Study material →
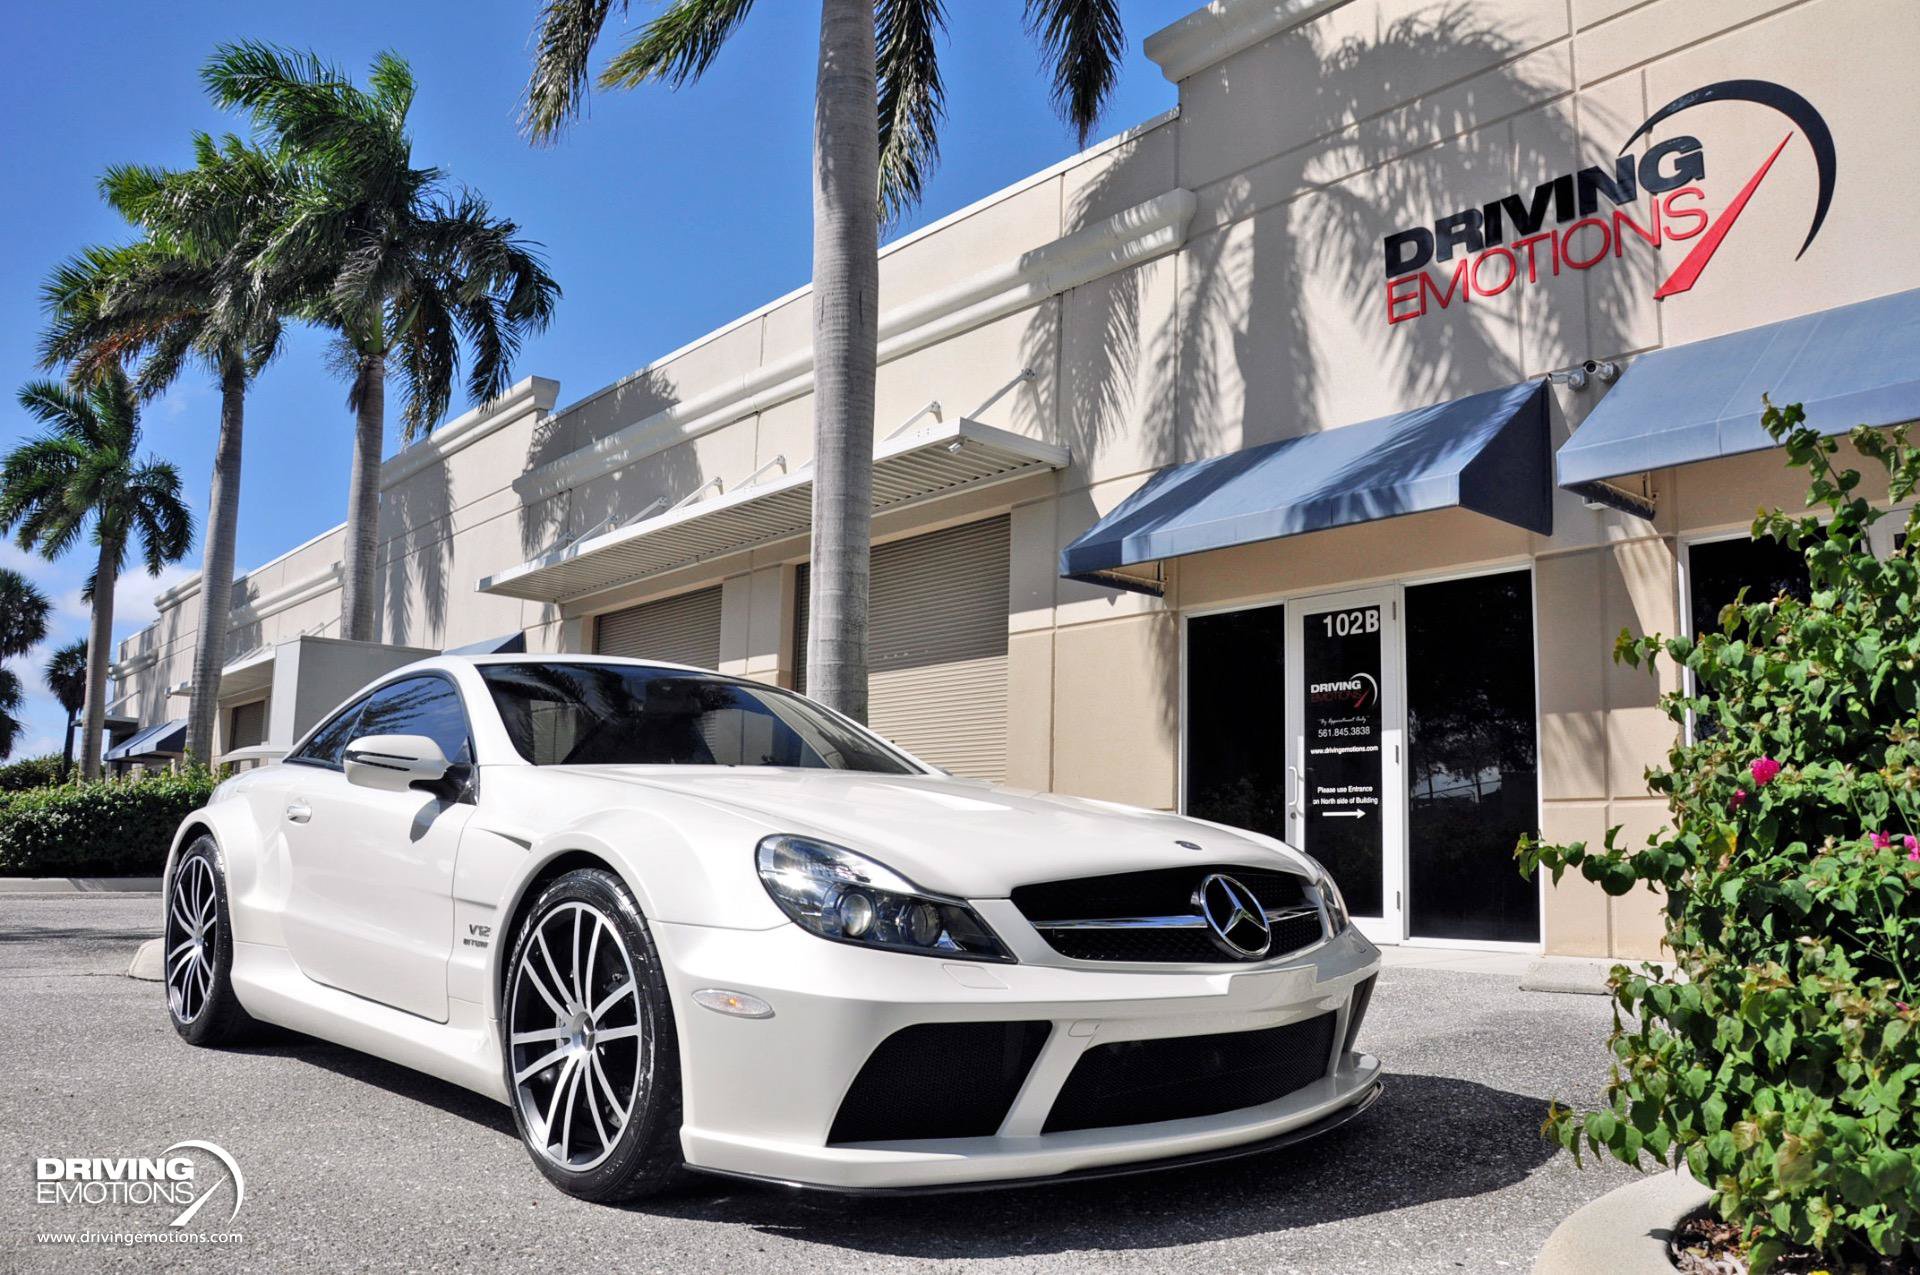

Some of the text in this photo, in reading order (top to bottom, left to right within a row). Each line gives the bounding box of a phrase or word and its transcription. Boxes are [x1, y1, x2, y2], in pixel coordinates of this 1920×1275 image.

[1384, 135, 1706, 278] DRIVING
[1386, 187, 1709, 325] EMOTIONS
[1323, 610, 1379, 637] 102B
[1310, 680, 1362, 694] DRIVING
[1318, 726, 1371, 738] 561.845.3838
[1310, 745, 1379, 755] www.drivingemotions.com
[1317, 786, 1336, 794] Please
[1348, 785, 1373, 793] Entrance
[1356, 797, 1378, 805] Building
[469, 924, 490, 937] V12

Exercise brief →
Each line above is to be copied verbatim. Drop any image from the copy.

Response below →
Some of the text in this photo, in reading order (top to bottom, left to right within a row). Each line gives the bounding box of a phrase or word and its transcription. Boxes are [x1, y1, x2, y2], in pixel coordinates of this 1920×1275 image.

[1384, 135, 1706, 278] DRIVING
[1386, 187, 1709, 325] EMOTIONS
[1323, 610, 1379, 637] 102B
[1310, 680, 1362, 694] DRIVING
[1318, 726, 1371, 738] 561.845.3838
[1310, 745, 1379, 755] www.drivingemotions.com
[1317, 786, 1336, 794] Please
[1348, 785, 1373, 793] Entrance
[1356, 797, 1378, 805] Building
[469, 924, 490, 937] V12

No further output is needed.